In similar conditions of AngII infusion, the deletion of β3-AR from brown and beige adipocytes led to the worsening of cardiac function as well as cardiac fibrosis and hypertrophy, as previously mentioned (see Section 3.1). This effect was attributed to brown-adipocyte-derived EVs taken up by cardiac myocytes and cardiac fibroblasts and, in particular, to the enrichment of iNOS in EVs upon β3-AR deletion [49]. It is still unclear whether iNOS expression and its exosomal release are specifically regulated by β3-AR or are a side effect of brown adipocyte dysfunction due to β3-AR knock-out. Nonetheless, this could well mimic, as mentioned in the above section, the loss of BAT stimulation observed in both aging and obesity. Additionally, interscapular brown adipose depots are undetectable in a large part of the adult population (detectable in 5% of adults > 30 years old), for which it is unclear whether smaller brown adipocytes depots interspersed in white adipose depots could still be present and functional [8,9]. This could therefore contribute to explaining the worsening of cardiac pathologies in certain patient populations.
In the past several years, EVs derived from ADSCs have gained considerable interest as a cell-free therapeutic alternative and as a potential vehicle to deliver bioactive factors due to their relatively easy isolation and propagation in culture. This interest derives in part from the cardioprotective effects observed with EVs from ADSCs during cardiac ischemic events (see Section 4.3). Moreover, the protective effects of ADSC-derived EVs against cardiac remodeling have also been reported. When facing hemodynamic stress, the elevation of adiponectin plasma levels reinforced the cardioprotective action of injected ADSCs by significantly increasing EV release, as observed in a mouse model of pressure overload. This increase in EV release further improves the amelioration of ejection fraction, fractional shortening and heart weight observed upon ADSCs injection alone [93]. A similar cardioprotective effect of ADSC-derived EVs under neurohormonal stress was later confirmed, causing a reduction in the hypertrophic response and proinflammatory signaling imposed by angiotensin II and TGFβ1 treatment on human-induced pluripotent-stem-cell-derived cardiomyocytes [94]. The intrarenal delivery of EVs from ADSCs has also been reported to attenuate kidney inflammation and renal artery stenosis (RAS) in a swine model of RAS and metabolic syndrome via anti-inflammatory pathways [95]. Importantly, such treatment also blunted secondary myocardial injury, possibly through the improvement of both renal function and systemic inflammation [95]. Earlier this year, this effect was attributed to EVs’ anti-inflammatory IL-10 cargo decreasing activated T-cell proliferation and endothelial inflammation [96].

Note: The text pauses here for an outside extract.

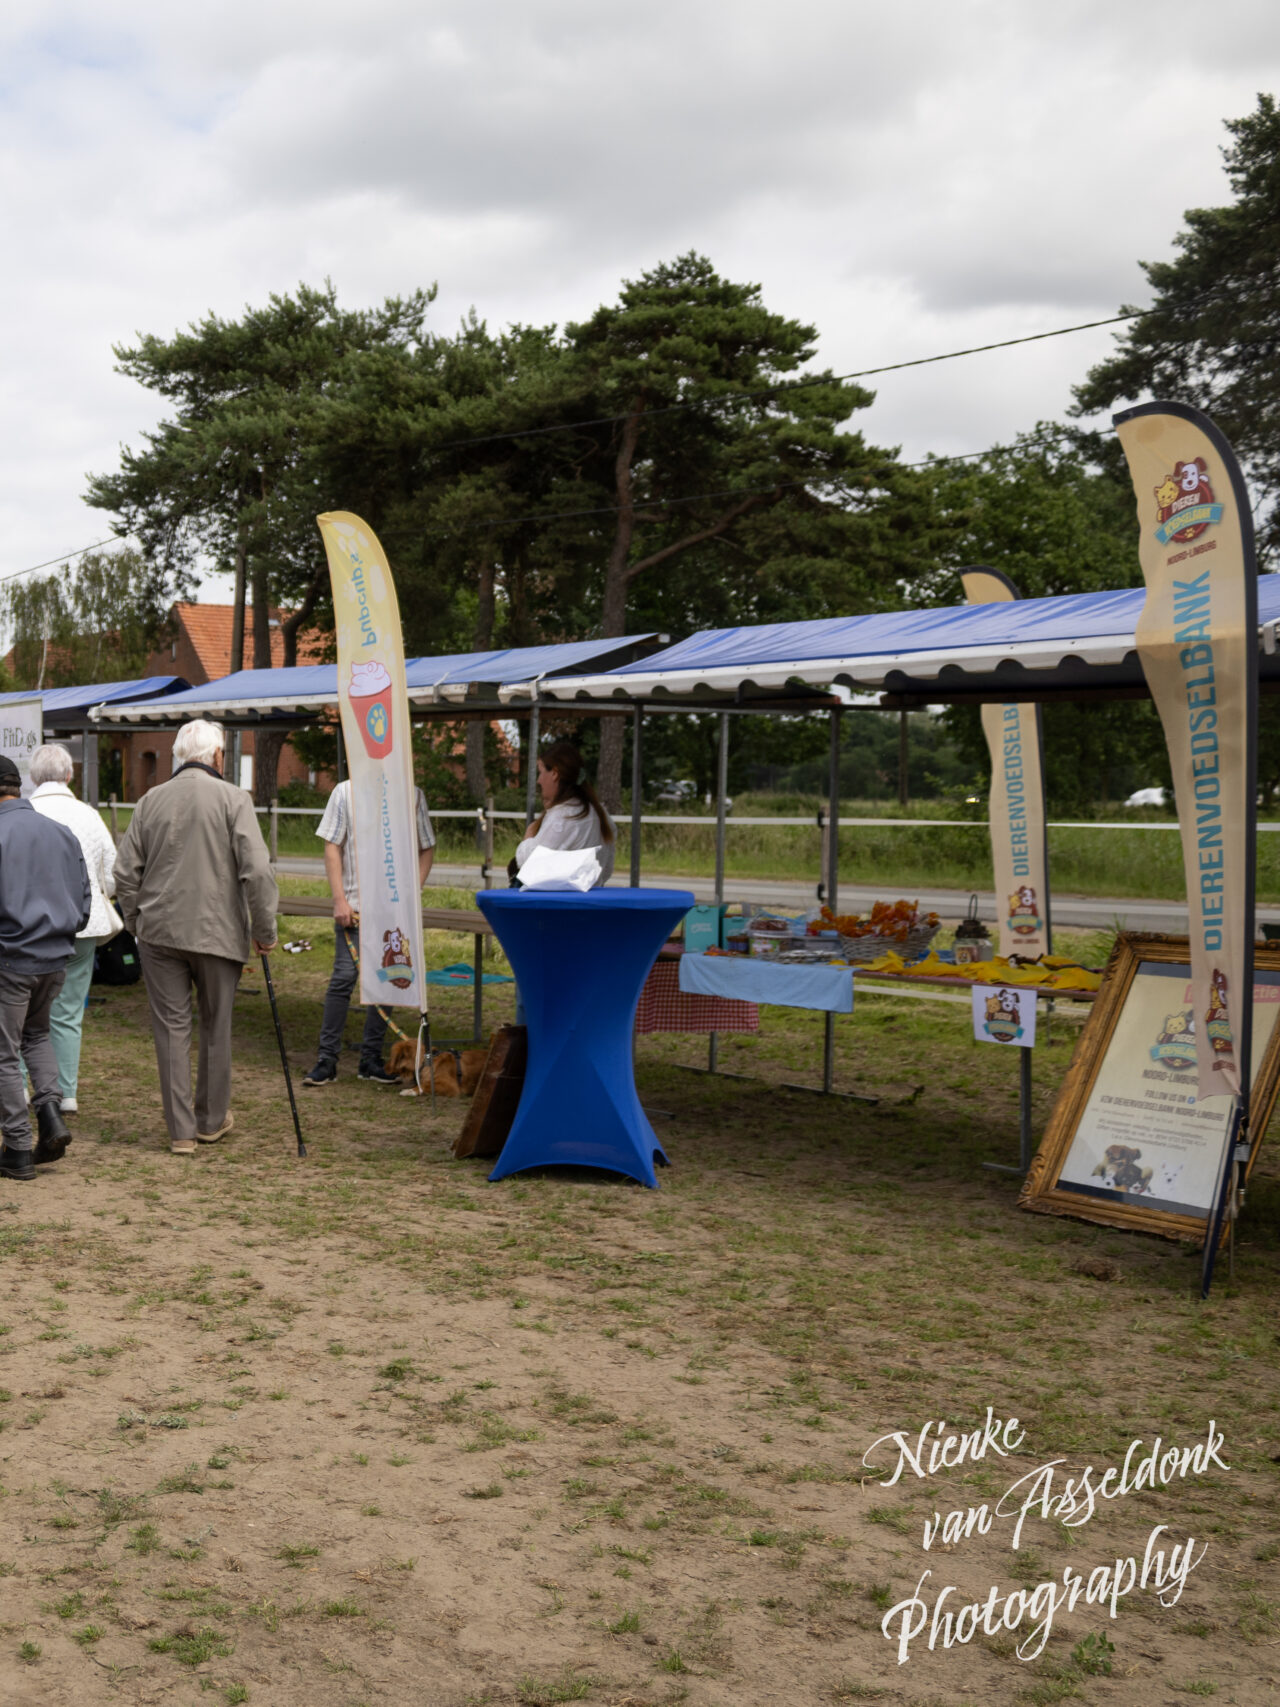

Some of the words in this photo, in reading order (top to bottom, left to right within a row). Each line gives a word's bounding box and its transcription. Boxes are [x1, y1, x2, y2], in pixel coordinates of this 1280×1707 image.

4.2. Diabetes and Diabetic Cardiomyopathy

Type II diabetes is classically associated with dysfunctional and senescent white adipocytes [97] due to the increased inflammatory state and profound alterations in systemic metabolism, such as impaired glucose handling. EVs derived from dysfunctional visceral white adipocytes in obesogenic conditions (i.e., high-fat diet) have been described as responsible for the exacerbation of myocardial ischemia/reperfusion (MI/R) injury observed in diabetic patients compared to healthy subjects [98]. In this regard, Gan et al. identified the elevation of miR-130b-3p in adipose-derived EVs from diabetic rats and in the plasma of diabetic patients as causative of this aggravation via the induction of the cardiac myocyte proapoptotic response [98].
Dysfunctional and senescent adipocytes have also been implicated in the pathogenesis of diabetic cardiomyopathy [97]. In their study, Lin et al. evidenced that the removal of epididymal adipose tissue (visceral WAT) could alleviate the diastolic dysfunction observed in streptozotocin (STZ) mice [97] and that EVs from these adipose depots drive contractile (return velocity and shortening) and mitochondrial dysfunction in isolated cardiac myocytes. The authors identified upregulated miRNA-326-3p in EVs derived from senescent adipocytes and its inhibition of Rictor expression as responsible for these cardiac impairments. In addition, miR-802-5p enriched in EVs from cultured hypertrophic adipocytes has been reported to contribute to cardiac insulin resistance [77], most likely through the downregulation of HSP60, which has been shown to regulate Insulin-like Growth Factor-1 Receptor (IGF-1R) signaling and be inversely correlated with diabetic cardiomyopathy [99].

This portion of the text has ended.